Although recent studies of meta-learning have shown its effectiveness on few-shot learning tasks, most of them do not leverage weakly-supervised information, which is usually free or cheap to collect, and has been proved to be helpful when training data is insufficient, e.g., in weakly-supervised [Zhou2017]Belkin et al.2006, Zhu and Ghahramani2002]. In this paper, we show that weakly-supervised information can significantly improve the performance of meta-learning on few-shot classification. In particular, we leverage weakly-labeled data that are annotated by coarse-class labels, e.g., an image of a Tractor with a coarse label of Machine. These data are usually cheap and easy to collect from web tags or human annotators. We additionally assume that a category graph describing the relationship between fine classes and coarse classes is available, where each node represents a class and each directed edge connects a fine-class to its parent coarse-class. An example of a category graph is given in Figure 2
. It is not necessary for the graph to cover all the possible relationships and graph containing partial relationship is usually easy to obtain, e.g., the ImageNet category tree built based on the synsets from WordNet.

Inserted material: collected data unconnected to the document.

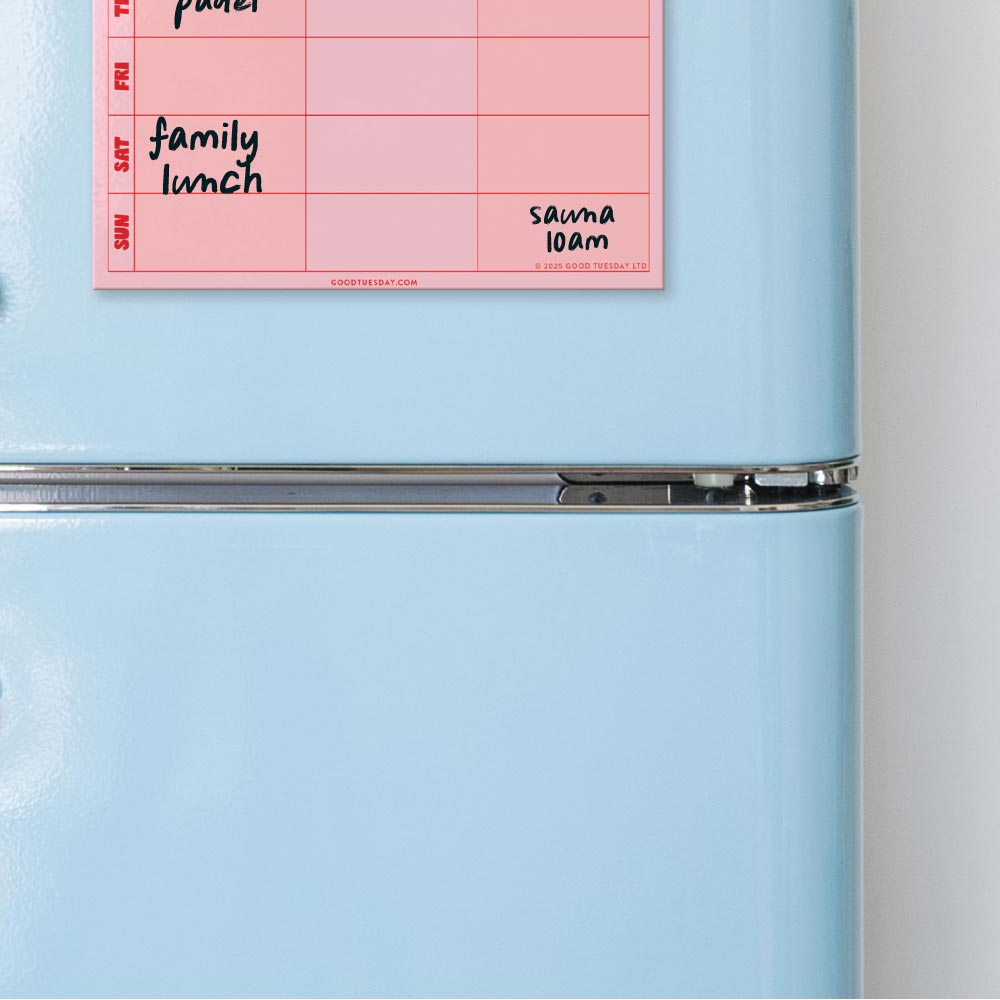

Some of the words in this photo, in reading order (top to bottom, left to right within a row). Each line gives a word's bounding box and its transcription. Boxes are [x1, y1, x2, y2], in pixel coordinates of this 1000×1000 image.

[114, 62, 130, 91] FRI
[113, 136, 130, 173] SAT
[148, 116, 259, 168] family
[162, 154, 263, 195] lunch
[529, 205, 615, 225] sauna
[114, 214, 130, 251] SUN
[546, 230, 609, 253] 10am
[565, 262, 591, 270] GOOD
[593, 262, 630, 270] TUESDAY
[632, 262, 647, 270] LTD
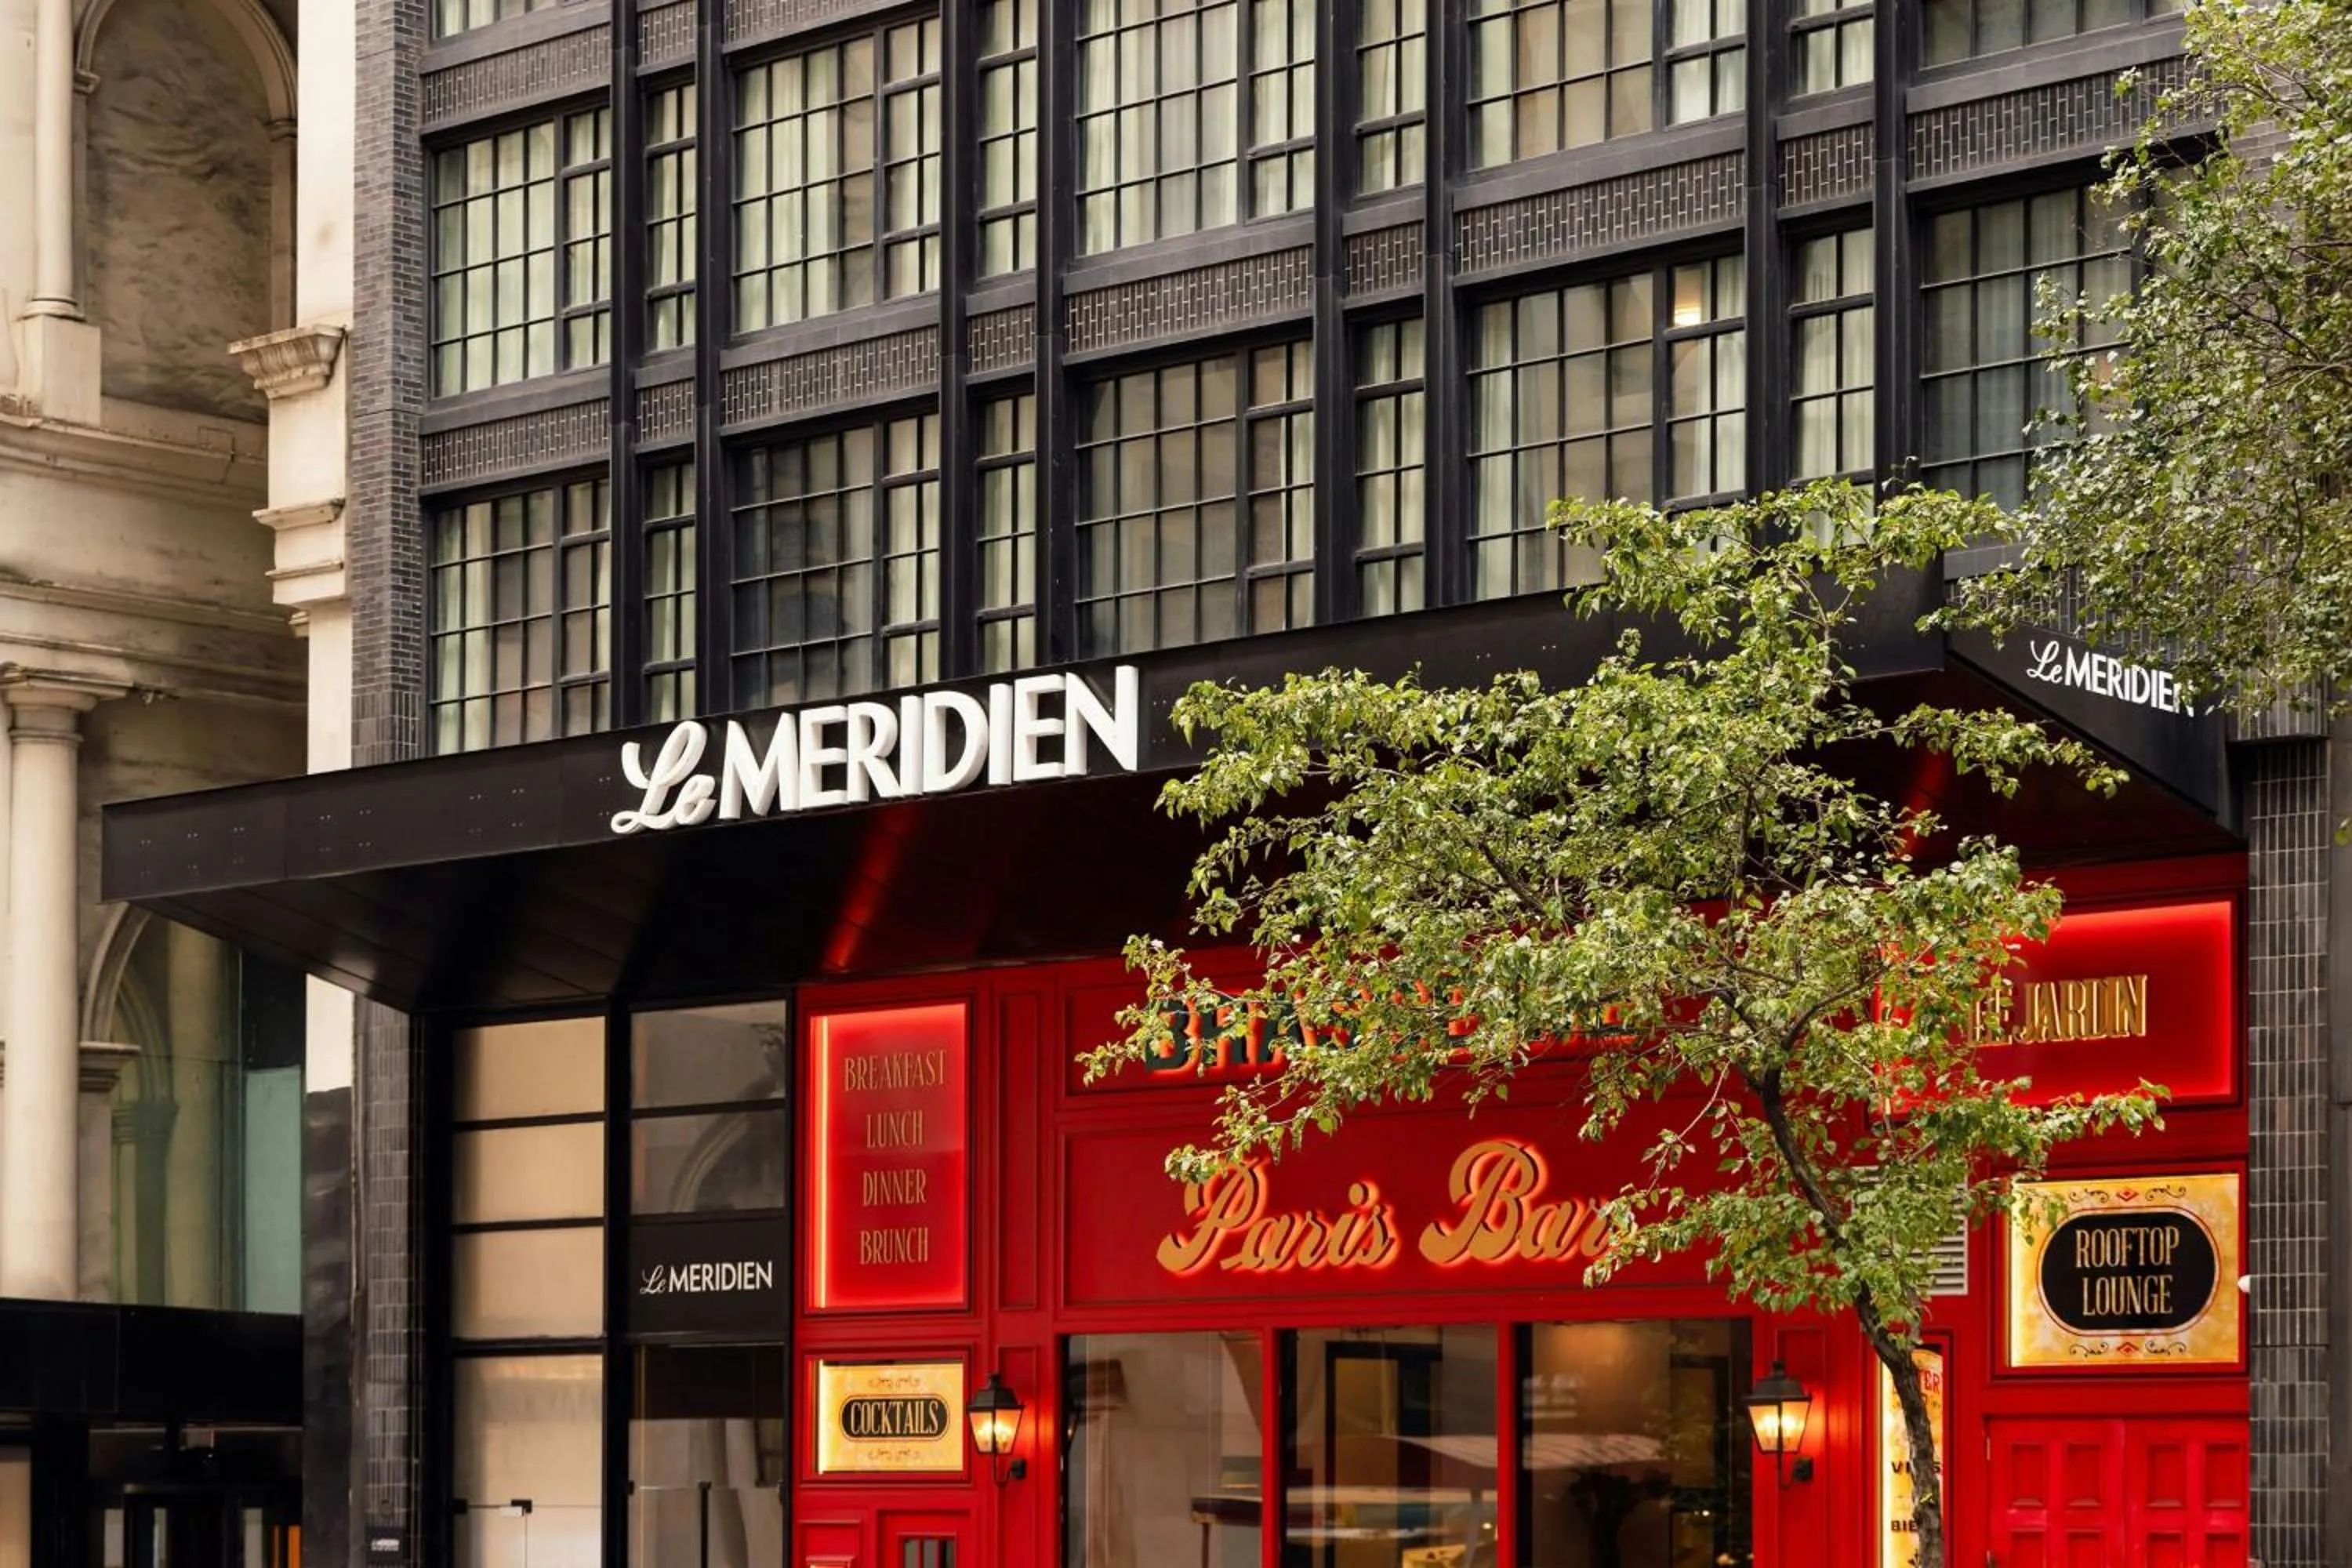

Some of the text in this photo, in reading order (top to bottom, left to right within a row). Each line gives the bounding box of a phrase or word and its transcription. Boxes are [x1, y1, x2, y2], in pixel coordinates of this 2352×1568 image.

[2026, 641, 2063, 684] Le
[611, 666, 1139, 834] Le MERIDIEN
[2012, 975, 2148, 1044] JARDIN
[844, 1050, 946, 1092] BREAKFAST
[866, 1109, 924, 1149] LUNCH
[863, 1169, 927, 1207] DINNER
[1156, 1141, 1612, 1273] Paris Bar
[860, 1227, 929, 1265] BRUNCH
[2075, 1226, 2180, 1269] ROOFTOP
[640, 1261, 773, 1295] Le MERIDIEN
[2082, 1275, 2173, 1317] LOUNGE
[851, 1400, 939, 1436] COCKTAILS

We propose a meta-learning model called prototype propagation network (PPN) to explore the above weakly-supervised information for few-shot classification tasks. PPN produces a prototype per class by propagating the prototype of each class to its child classes on the category graph, where an attention mechanism generates the edge weights used for propagation. The learning goal of PPN is to minimize the validation errors of a KNN classifier built on the propagated prototypes for few-shot classification tasks. The prototype propagation on the graph enables the classification error of data belonging to any class to be back-propagated to the prototype of another class, if there exists a path between the two classes. The classification error on weakly-labeled data can thus be back-propagated to improve the prototypes of other classes, which later contribute to the prototype of few-shot classes via prototype propagation. Therefore, the weakly-labeled data and coarse classes can directly contribute to the update of prototypes of few-shot fine classes, offsetting the lack of training data. The resulting graph of prototypes can be repeatedly used, updated and augmented on new tasks/classes as an episodic memory. Interestingly, this interplay between the prototype graph and the quick adaptation to new few-shot tasks (via KNN) is analogous to the complementary learning system that reconciles episodic memory with statistical learning inside the human hippocampus [Schapiro et al.2017], which is believed to be critical for rapid learning.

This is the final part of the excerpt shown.